§ ASSIGNMENT
Reproduce every entry below exactly, minus the pictures.

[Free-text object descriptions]
"""

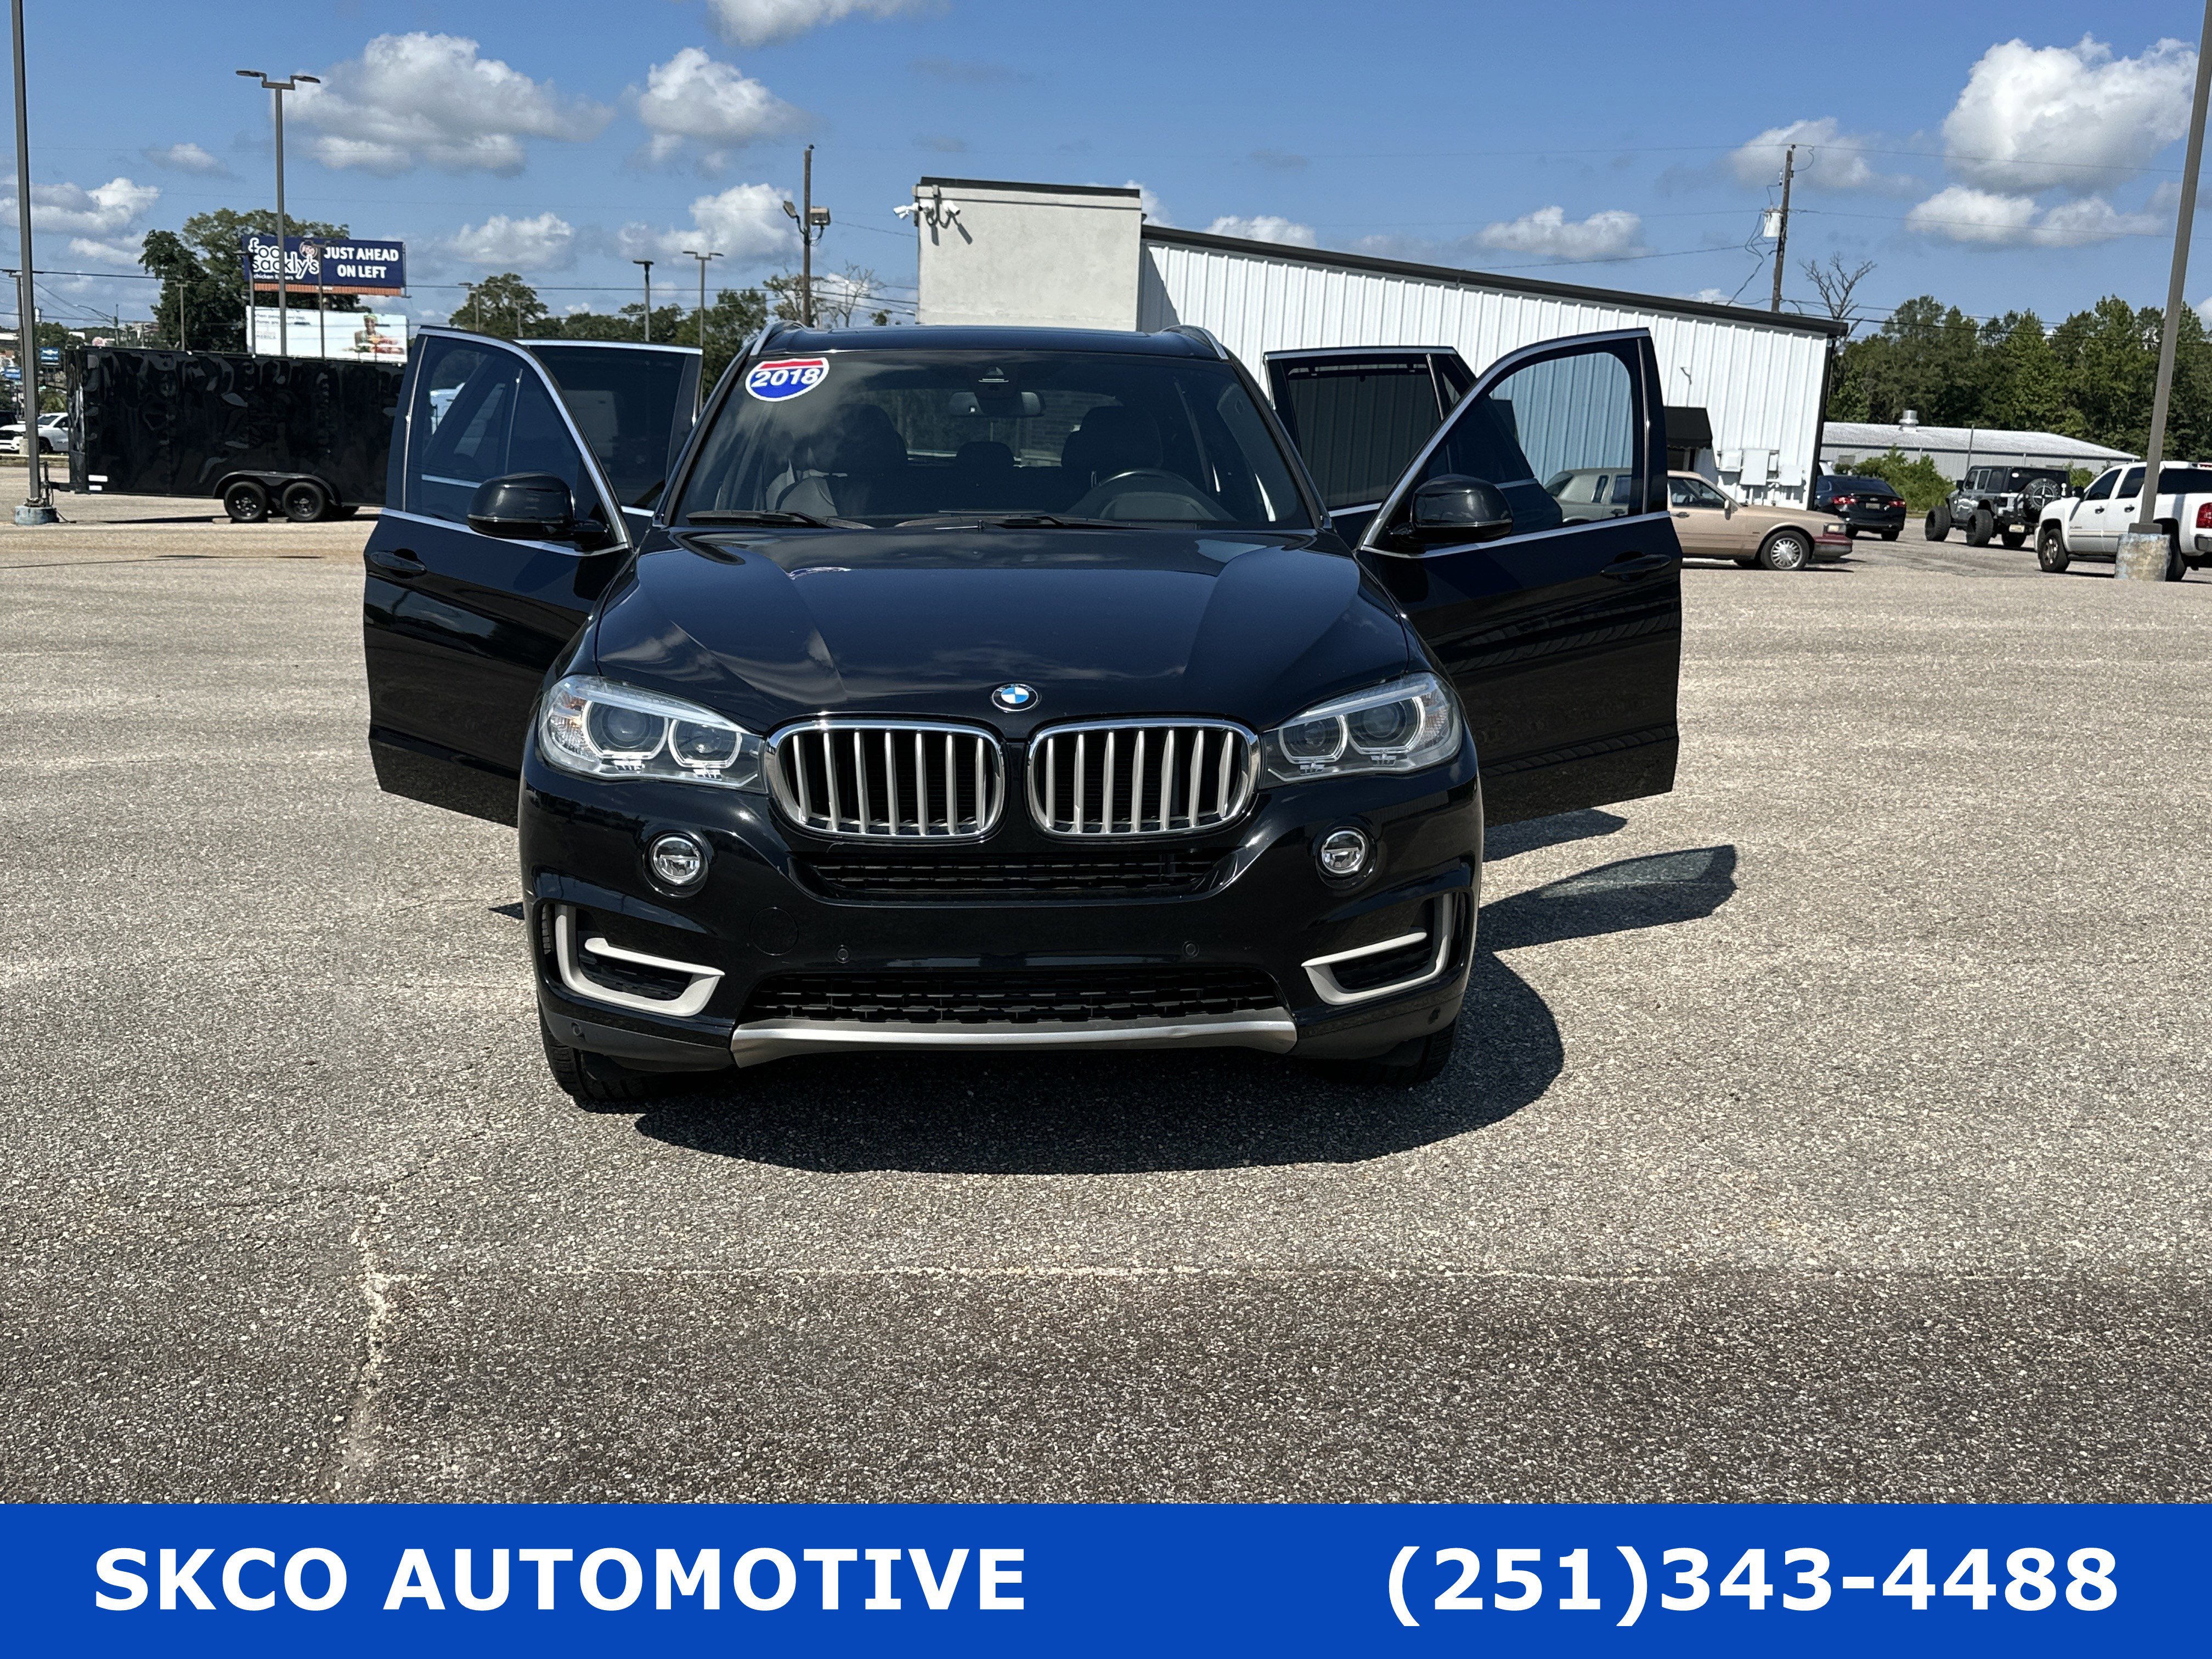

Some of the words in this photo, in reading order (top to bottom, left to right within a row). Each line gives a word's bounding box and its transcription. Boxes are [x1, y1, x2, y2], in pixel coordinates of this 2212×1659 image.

[324, 246, 354, 259] JUST
[357, 248, 399, 261] AHEAD
[337, 264, 356, 277] ON
[358, 266, 387, 279] LEFT
[751, 368, 820, 388] 2018

"""

§ SOLUTION BELOW
Some of the words in this photo, in reading order (top to bottom, left to right within a row). Each line gives a word's bounding box and its transcription. Boxes are [x1, y1, x2, y2], in pixel coordinates of this 2212×1659 image.

[324, 246, 354, 259] JUST
[357, 248, 399, 261] AHEAD
[337, 264, 356, 277] ON
[358, 266, 387, 279] LEFT
[751, 368, 820, 388] 2018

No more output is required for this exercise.